[[ PROVIDED RECORDS open ]]

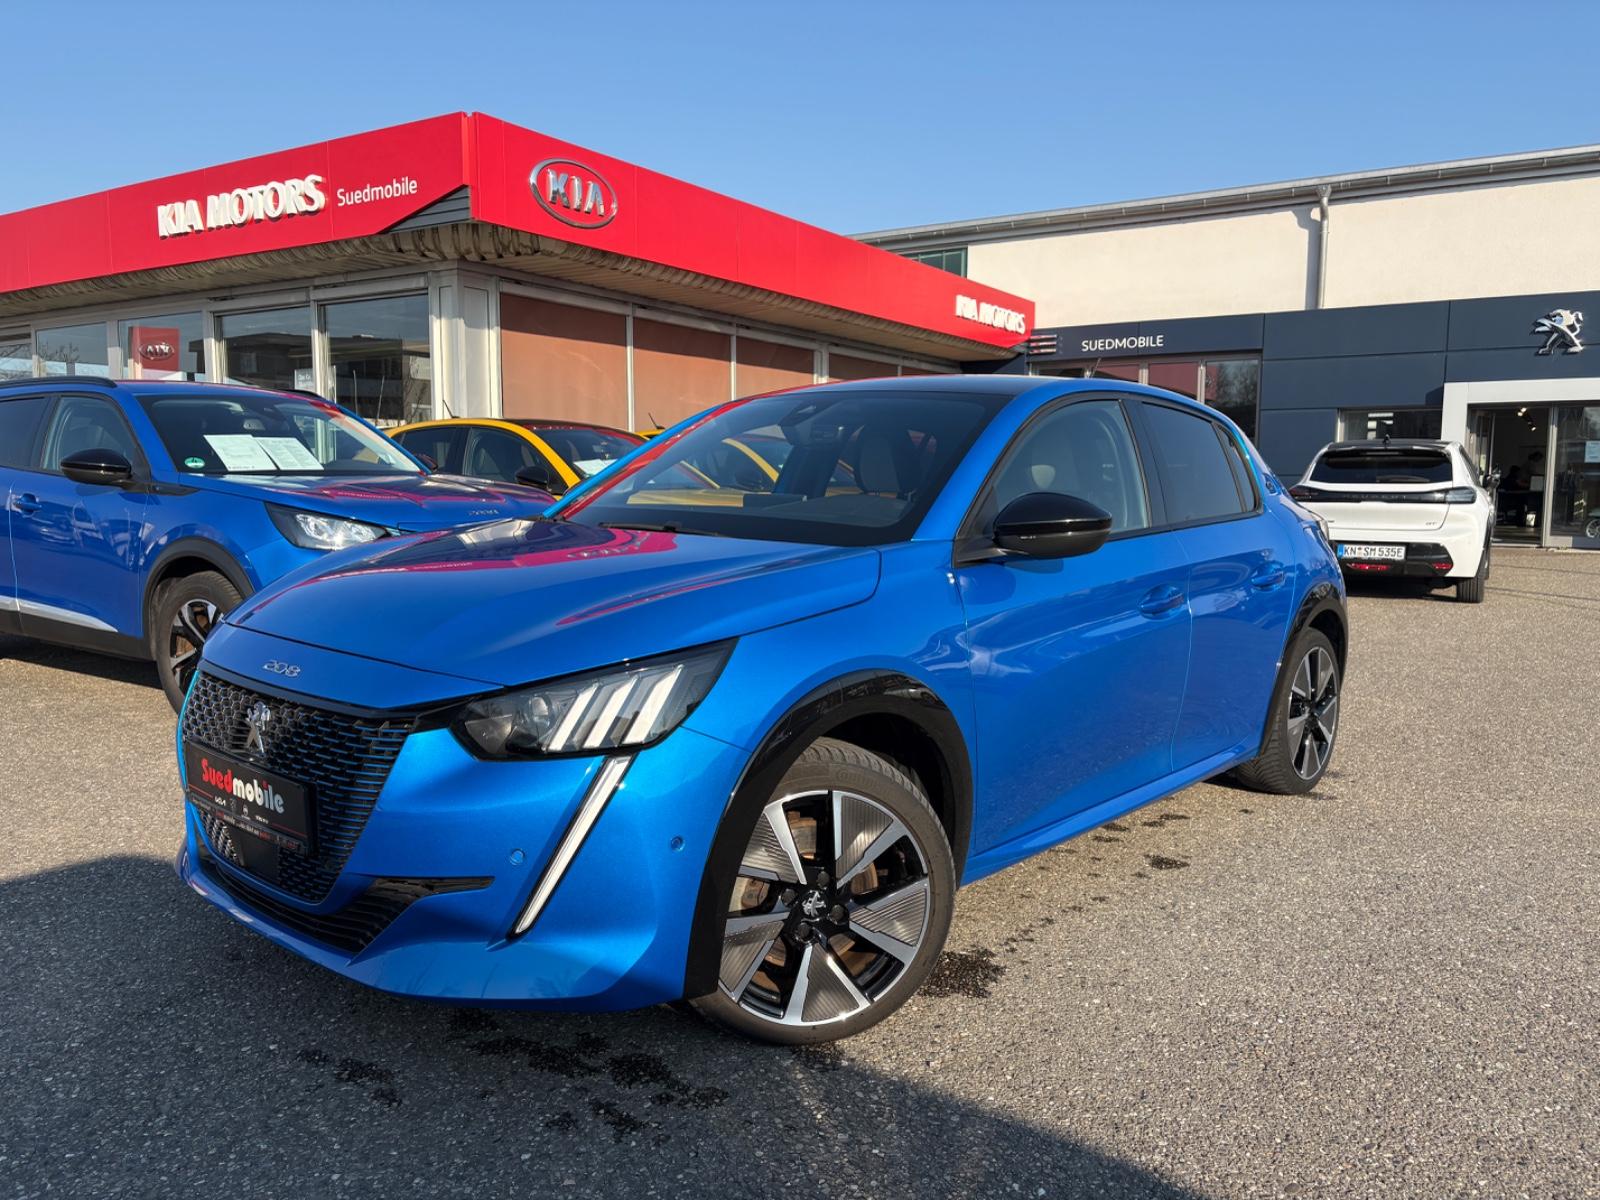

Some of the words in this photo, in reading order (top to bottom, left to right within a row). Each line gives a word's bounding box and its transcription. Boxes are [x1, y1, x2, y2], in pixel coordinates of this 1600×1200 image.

[157, 199, 204, 238] KIA
[206, 174, 326, 231] MOTORS
[336, 177, 418, 207] Suedmobile
[547, 168, 605, 217] KIA
[955, 294, 979, 322] KIA
[979, 302, 1026, 335] MOTORS
[1081, 334, 1164, 352] SUEDMOBILE
[262, 659, 301, 678] 208
[200, 758, 285, 815] Suedmobile

[[ PROVIDED RECORDS closed ]]

TASK DETAILS ::
Copy out the data exactly and keep the pictures out.

WRITTEN REPLY ::
Some of the words in this photo, in reading order (top to bottom, left to right within a row). Each line gives a word's bounding box and its transcription. Boxes are [x1, y1, x2, y2], in pixel coordinates of this 1600×1200 image.

[157, 199, 204, 238] KIA
[206, 174, 326, 231] MOTORS
[336, 177, 418, 207] Suedmobile
[547, 168, 605, 217] KIA
[955, 294, 979, 322] KIA
[979, 302, 1026, 335] MOTORS
[1081, 334, 1164, 352] SUEDMOBILE
[262, 659, 301, 678] 208
[200, 758, 285, 815] Suedmobile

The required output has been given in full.